Obwohl er als Kind in Rio in der Nähe des Maracana aufwuchs und jede freie Minute mit seinen Freunden dem Leder nachjagte, war eine Laufbahn als Fußballer nicht vorgezeichnet. Im Gegenteil: Während sein Vater ihn beim Futsal anmelden wollte, hatte seine Mutter für das Kicken nicht viel übrig. Sie wollte viel lieber, dass der junge Bruno ein guter Schwimmer wird, wie Guimarães in einem Beitrag für The Players' Tribune schilderte.
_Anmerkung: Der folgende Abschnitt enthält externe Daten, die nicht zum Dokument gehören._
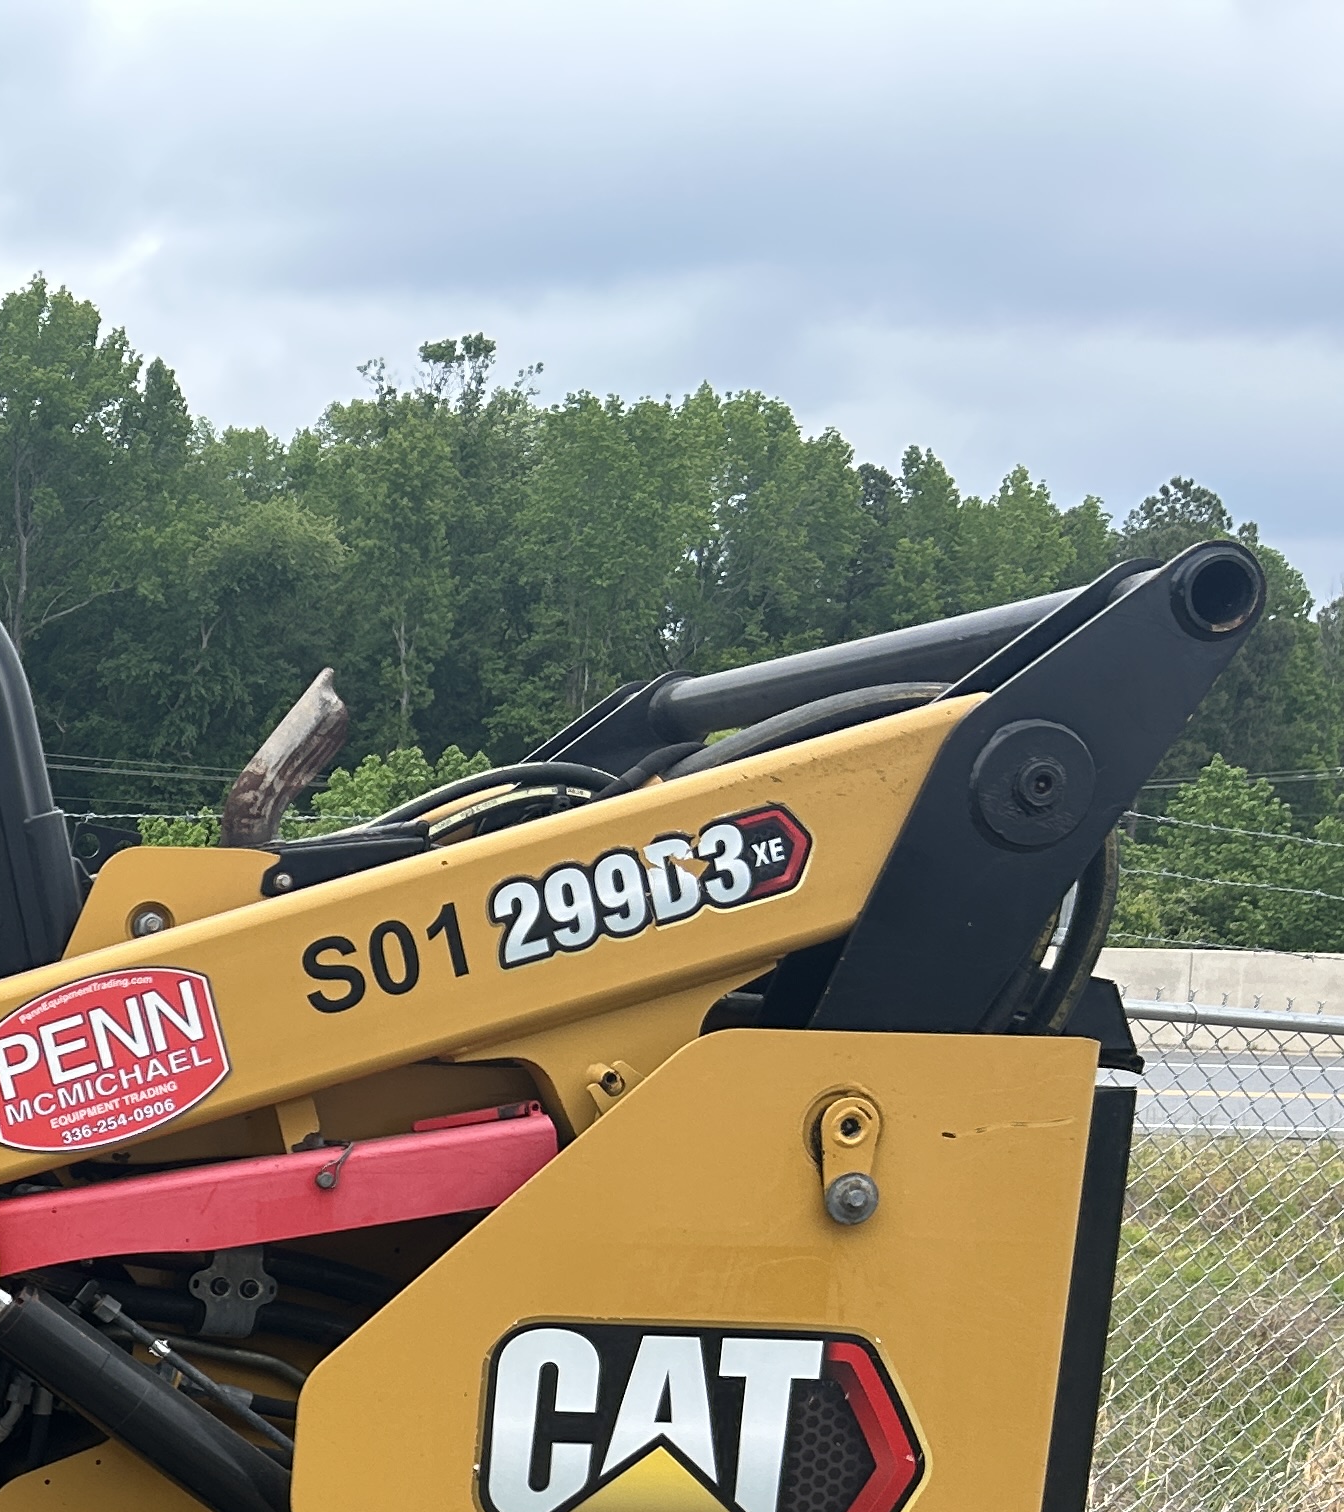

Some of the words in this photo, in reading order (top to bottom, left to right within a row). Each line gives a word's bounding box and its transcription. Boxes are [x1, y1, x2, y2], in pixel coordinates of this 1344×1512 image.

Ronaldinho war das Idol von Bruno Guimarães

Seine Mutter habe zu seinem Vater gesagt: "Nein, nein, nein. Ich will nicht noch so einem im Haus haben, das bringt mich um." Also meldete sie Bruno im Schwimmverein an. Sechs Monate lang ging Bruno zum Schwimmtraining, ehe er weinend nach Hause kam: "Mama, dieses Schwimmen! Ernsthaft? Das macht mir überhaupt keinen Spaß. Es tut mir leid, aber ich muss mit dem Ball spielen."

Also jagte er doch seinem Traum nach, irgendwann wie sein großes Idol Ronaldinho ein erfolgreicher Fußballprofi zu werden. Während seine Mutter in einem Motorradgeschäft arbeitete, hielt der Vater die Familie als Taxifahrer über Wasser. "In Brasilien, und vor allem in Rio, ist das ein Knochenjob", so Bruno. "Man arbeitet den ganzen Tag und die ganze Nacht. Ich sah meinen Vater praktisch nur, wenn er am Samstag kam, um mir beim Fußballspielen zuzuschauen." Damals prägte sich die Nummer 039 bereits bei Bruno ein - es war die Nummer des Taxis seines Vaters.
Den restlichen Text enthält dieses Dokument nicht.